Guided #723

Patchethium · 2023-08-13T15:01:28Z

The continue of #252, use a custom forced aligner snfa instead of julius for the sake of my nerve.
snfa is very young and unstable, I'll keep this API in experiment sub dir and lock with --enable-guided as in #252.
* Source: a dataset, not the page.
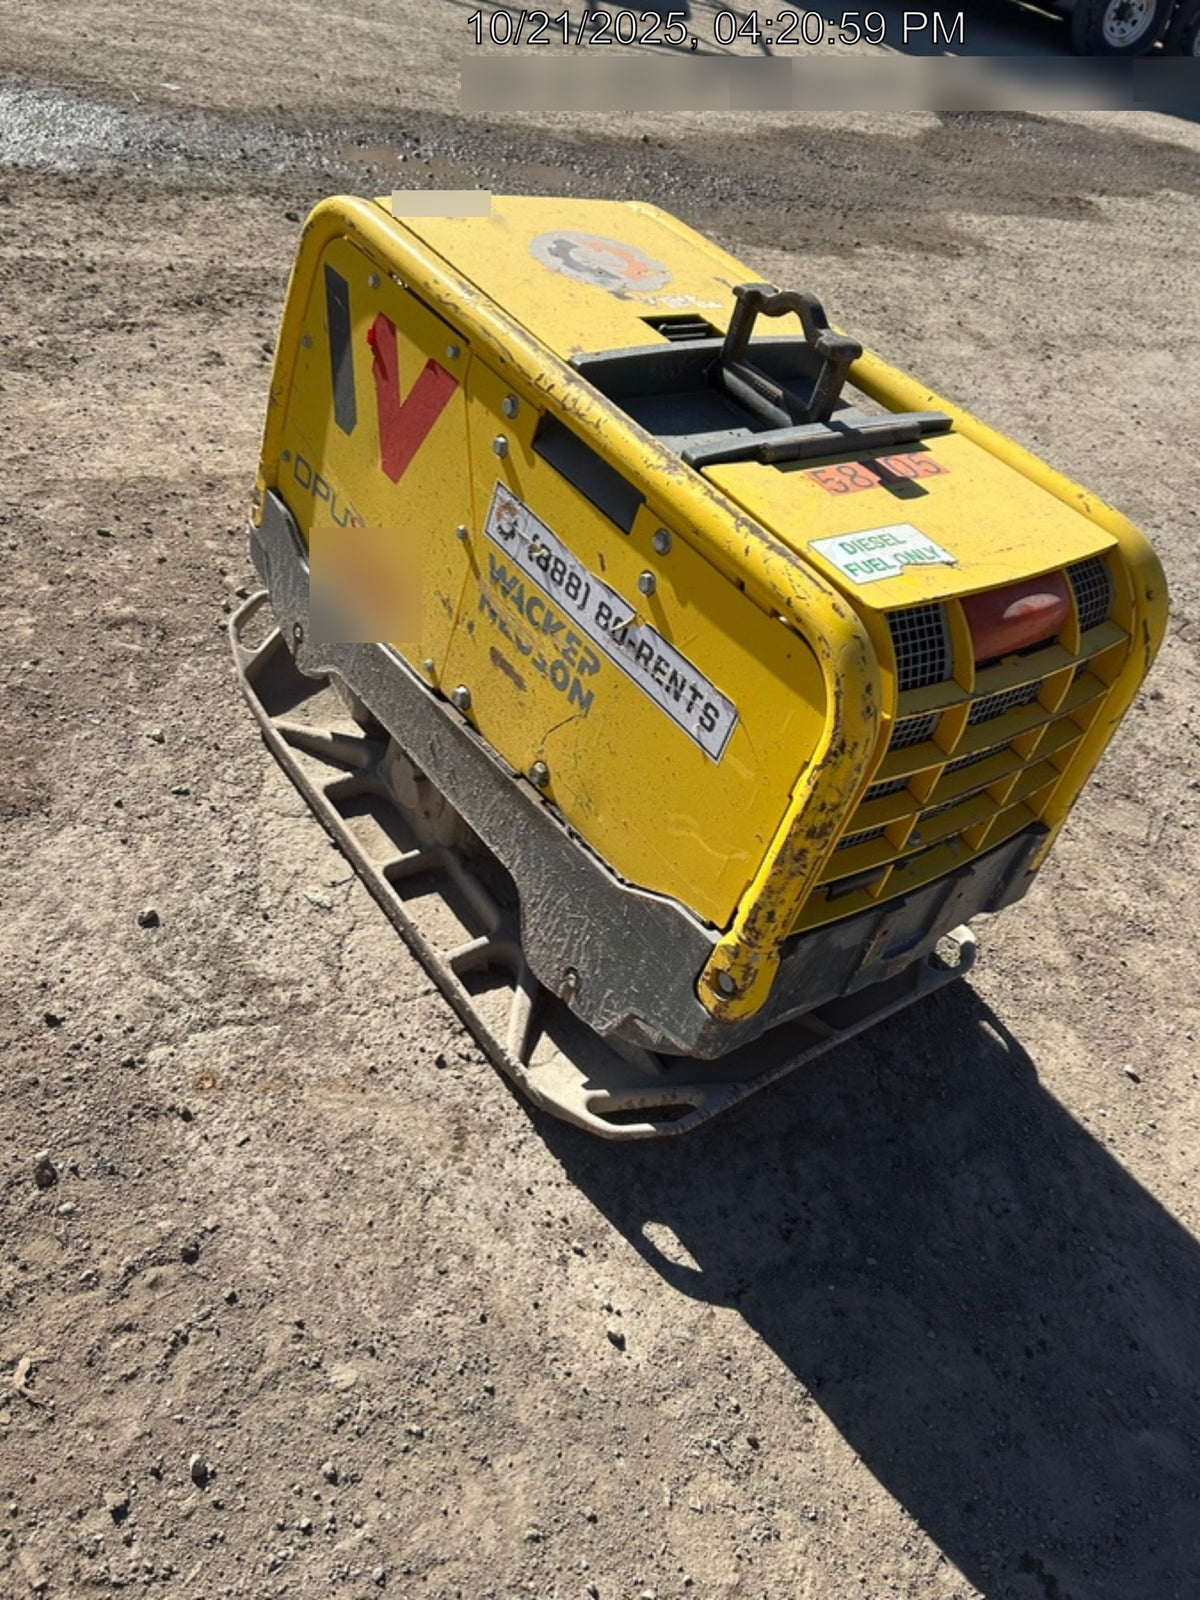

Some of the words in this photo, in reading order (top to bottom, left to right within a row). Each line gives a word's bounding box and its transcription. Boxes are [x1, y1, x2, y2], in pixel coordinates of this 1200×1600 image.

[839, 532, 907, 555] DIESEL
[844, 557, 896, 577] FUEL
[892, 545, 941, 565] ONLY
github-actions · 2023-08-13T15:08:48Z

Coverage Result

Resultを開く

Name	Stmts	Miss
run.py	446	296
voicevox_engine/init.py	1	0
voicevox_engine/acoustic_feature_extractor.py	75	0
voicevox_engine/cancellable_engine.py	85	66
voicevox_engine/dev/core/init.py	2	0
voicevox_engine/dev/core/mock.py	27	12
voicevox_engine/dev/synthesis_engine/init.py	2	0
voicevox_engine/dev/synthesis_engine/mock.py	38	3
voicevox_engine/downloadable_library.py	93	5
voicevox_engine/engine_manifest/EngineManifest.py	34	0
voicevox_engine/engine_manifest/EngineManifestLoader.py	12	0
voicevox_engine/engine_manifest/init.py	3	0
voicevox_engine/full_context_label.py	162	3
voicevox_engine/guided/init.py	0	0
voicevox_engine/guided/extractor.py	67	3
voicevox_engine/kana_parser.py	86	1
voicevox_engine/metas/Metas.py	33	0
voicevox_engine/metas/MetasStore.py	29	12
voicevox_engine/metas/init.py	2	0
voicevox_engine/model.py	160	9
voicevox_engine/mora_list.py	4	0
voicevox_engine/morphing.py	70	46
voicevox_engine/part_of_speech_data.py	5	0
voicevox_engine/preset/Preset.py	12	0
voicevox_engine/preset/PresetError.py	2	0
voicevox_engine/preset/PresetManager.py	81	2
voicevox_engine/preset/init.py	4	0
voicevox_engine/setting/Setting.py	11	0
voicevox_engine/setting/SettingLoader.py	19	0
voicevox_engine/setting/init.py	3	0
voicevox_engine/synthesis_engine/init.py	5	0
voicevox_engine/synthesis_engine/core_wrapper.py	201	146
voicevox_engine/synthesis_engine/make_synthesis_engines.py	59	30
voicevox_engine/synthesis_engine/synthesis_engine.py	156	35
voicevox_engine/synthesis_engine/synthesis_engine_base.py	70	10
voicevox_engine/user_dict.py	144	11
voicevox_engine/utility/init.py	5	0
voicevox_engine/utility/connect_base64_waves.py	37	0
voicevox_engine/utility/core_version_utility.py	8	1
voicevox_engine/utility/mutex_utility.py	10	0
voicevox_engine/utility/path_utility.py	26	8
TOTAL	2289	699

Hiroshiba

I understand this is still a draft, but I've taken a look at the pull request!
I don't have any comments regarding the direction at the moment.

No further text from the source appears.